TASK REQUIREMENTS | Please output the listing below character for character and omit the images.

·····

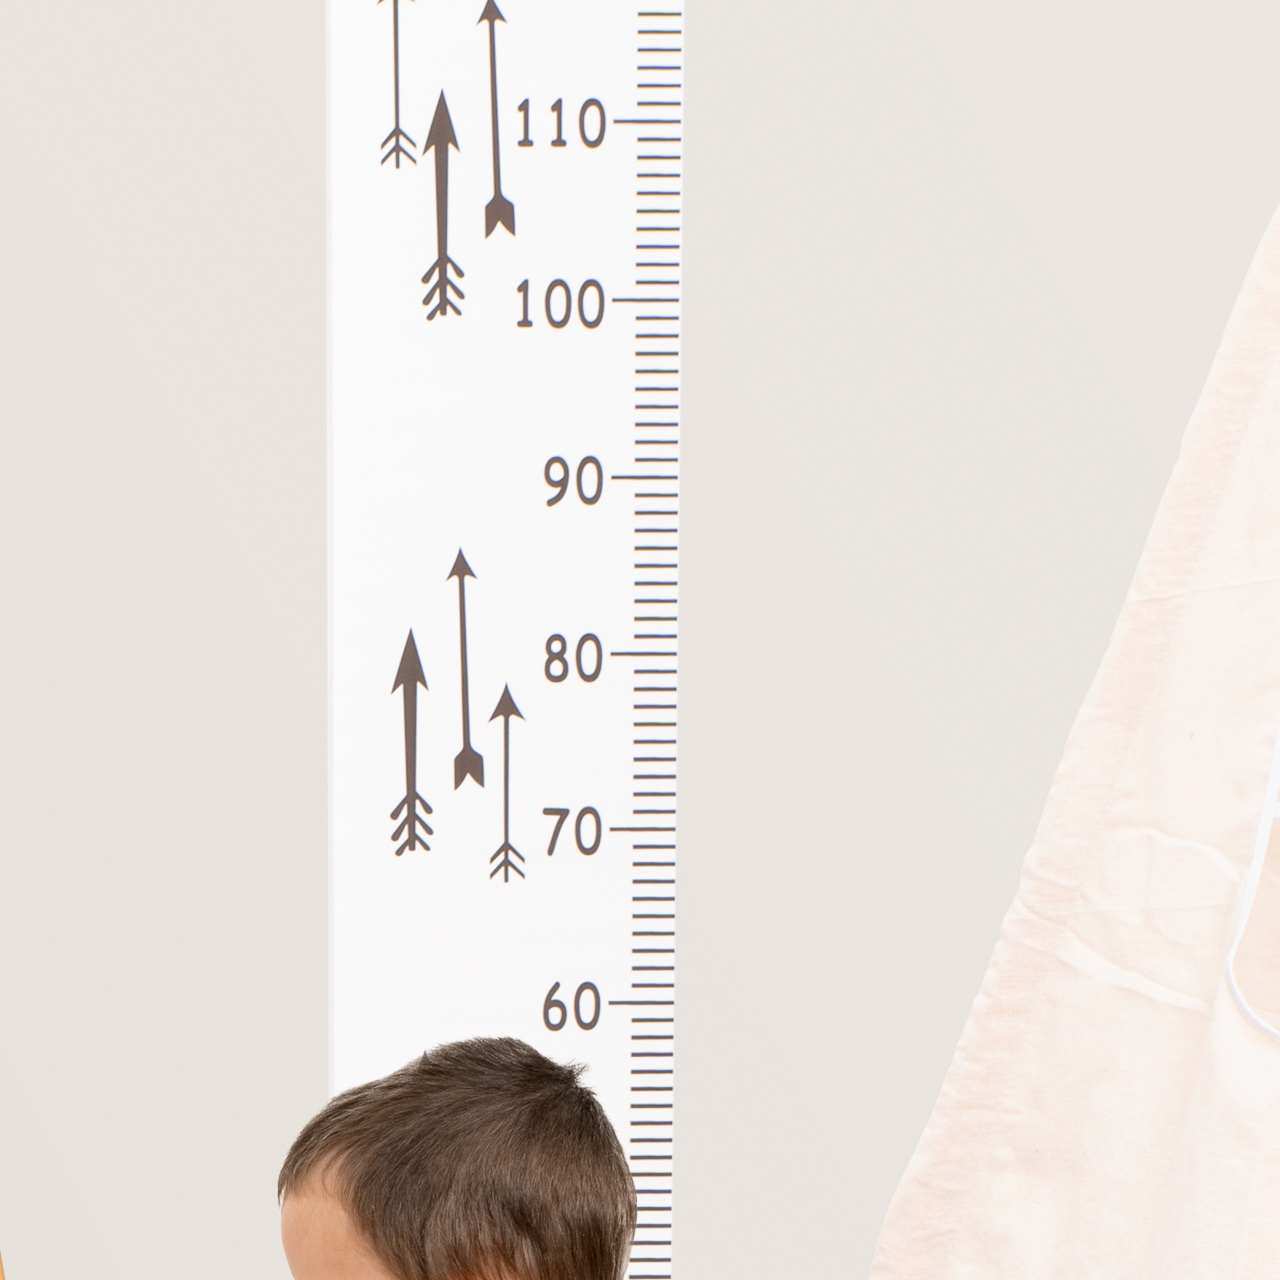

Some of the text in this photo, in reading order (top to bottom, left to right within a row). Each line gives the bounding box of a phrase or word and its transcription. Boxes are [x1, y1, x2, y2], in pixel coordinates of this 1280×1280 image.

[516, 97, 607, 150] 110
[516, 278, 606, 329] 100
[544, 455, 603, 507] 90
[544, 632, 603, 683] 80
[542, 806, 602, 856] 70
[542, 980, 601, 1031] 60

·····

EXERCISE SOLUTION |
Some of the text in this photo, in reading order (top to bottom, left to right within a row). Each line gives the bounding box of a phrase or word and its transcription. Boxes are [x1, y1, x2, y2], in pixel coordinates of this 1280×1280 image.

[516, 97, 607, 150] 110
[516, 278, 606, 329] 100
[544, 455, 603, 507] 90
[544, 632, 603, 683] 80
[542, 806, 602, 856] 70
[542, 980, 601, 1031] 60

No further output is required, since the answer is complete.